1. Use $$N_1$$ samples from $$\mu$$ to form an approximation $$\hat{\beta} (X_1, \cdots, X_{N_1} ) \approx \beta^*$$. (e.g. by taking a ratio of sample variance and sample covariance)
2. Use another $$N_2$$ samples from $$\mu$$ to form the estimator

\begin{align} \hat{\phi} = \frac{1}{N_2} \sum_{i=1}^{N_2} \left\{ f (X_i) - \hat{\beta} \cdot c ( X_i ) \right\}. \end{align}

A benefit of using this two-stage approach is that $$\hat{\phi}$$ remains unbiased for $$\phi$$. However, it seems fundamentally wasteful; one is not really using all of the information available. An alternative would be the following bootstrap-type procedure:

1. Generate $$(N_1 + N_2)$$ samples from $$\mu$$.
2. For all possible partitions of $$\{1, 2, \cdots, (N_1 + N_2) \}$$ into a set $$S_1$$ of size $$N_1$$ and a set $$S_2$$ of size $$N_2$$
• Use $$\{ X_i \}_{i \in S_1}$$ to form $$\hat{\beta} ( S_1 ) \approx \beta^*$$
• Use $$\{ X_i \}_{i \in S_2}$$ to form

\begin{align} \hat{\phi} (S_2) = \frac{1}{N_2} \sum_{i \in S_2} \left\{ f (X_i) - \hat{\beta} ( S_1 ) \cdot c ( X_i ) \right\}. \end{align}

1. Form the final estimator $$\hat{\phi}$$ by averaging over all of the $$\hat{\phi} (S_2)$$.

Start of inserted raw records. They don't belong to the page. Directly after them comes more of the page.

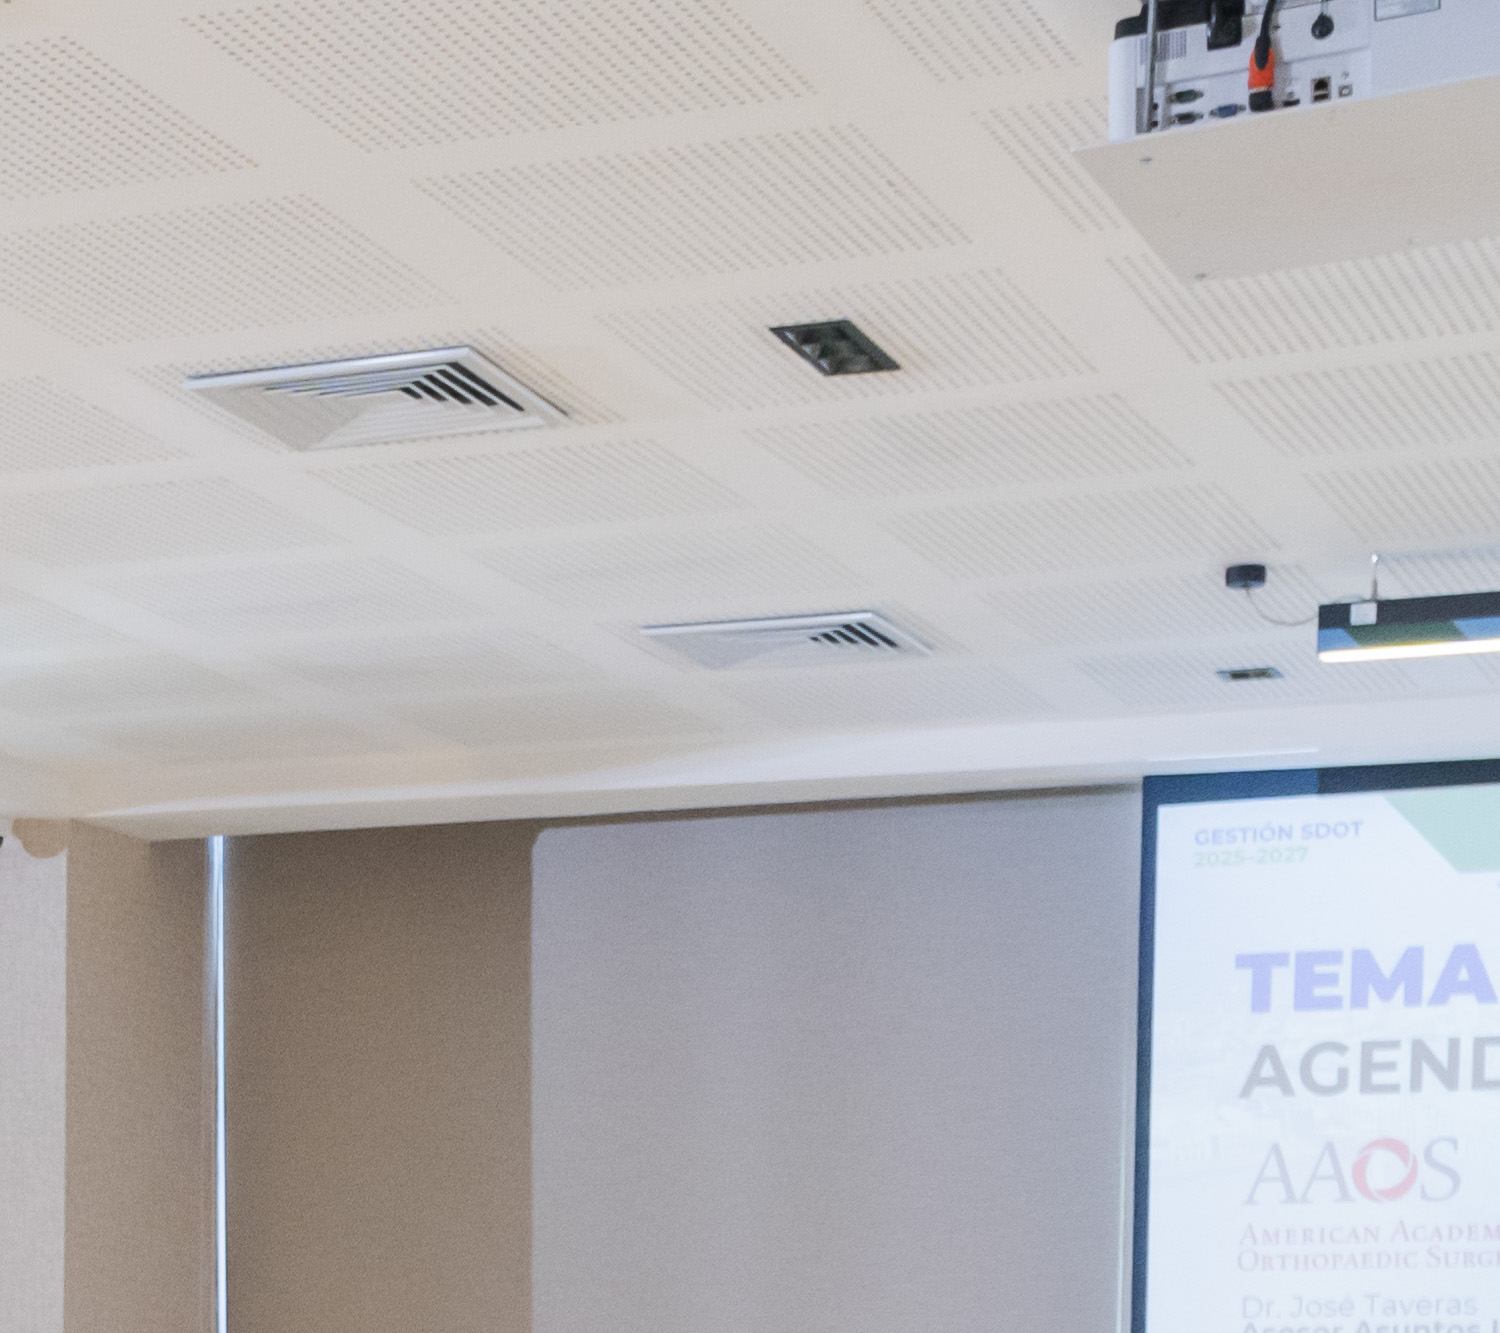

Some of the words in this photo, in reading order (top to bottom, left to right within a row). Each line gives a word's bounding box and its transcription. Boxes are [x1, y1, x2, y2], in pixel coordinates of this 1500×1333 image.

[1194, 820, 1294, 847] GESTIÓN
[1300, 820, 1364, 841] SDOT
[1194, 846, 1310, 868] 2025-2027
[1235, 943, 1499, 1014] TEMA
[1241, 1136, 1463, 1205] AAOS
[1239, 1222, 1381, 1247] AMERICAN
[1241, 1295, 1282, 1319] Dr.
[1289, 1293, 1355, 1319] José
[1363, 1293, 1479, 1317] Taveras

The resulting $$\hat{\phi}$$ is then also unbiased for $$\phi$$, but uses more of the information from the samples, and so should be expected to e.g. exhibit lower variance. The flip-side is that one now has to average over $${N_1 + N_2} \choose {N_1}$$ estimators, which could become costly. It might be possible to alleviate this by only looking at a random subset of the possible partitions; in any case, this is not what I'm curious about right now.

My questions is then: Does a procedure like this exist in the literature already? If so, I would appreciate being pointed to the relevant references, keywords, and so on. I'm particularly interested in knowing whether one can get a provable reduction in variance by using a procedure of this form.

• which paper is this from ? the intro looks like cuped Sep 21 '19 at 14:12
• @XavierBourretSicotte sorry - I don't understand what the question is?